* Supplied material
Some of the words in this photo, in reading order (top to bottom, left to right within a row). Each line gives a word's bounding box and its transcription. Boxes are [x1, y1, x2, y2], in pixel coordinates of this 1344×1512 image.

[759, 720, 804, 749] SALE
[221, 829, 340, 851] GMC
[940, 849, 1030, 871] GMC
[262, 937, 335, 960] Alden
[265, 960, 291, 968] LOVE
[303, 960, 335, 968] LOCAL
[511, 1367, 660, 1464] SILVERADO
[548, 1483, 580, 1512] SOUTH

* About this task
The whole of the material above is to be restated exactly.

* Exercise output
Some of the words in this photo, in reading order (top to bottom, left to right within a row). Each line gives a word's bounding box and its transcription. Boxes are [x1, y1, x2, y2], in pixel coordinates of this 1344×1512 image.

[759, 720, 804, 749] SALE
[221, 829, 340, 851] GMC
[940, 849, 1030, 871] GMC
[262, 937, 335, 960] Alden
[265, 960, 291, 968] LOVE
[303, 960, 335, 968] LOCAL
[511, 1367, 660, 1464] SILVERADO
[548, 1483, 580, 1512] SOUTH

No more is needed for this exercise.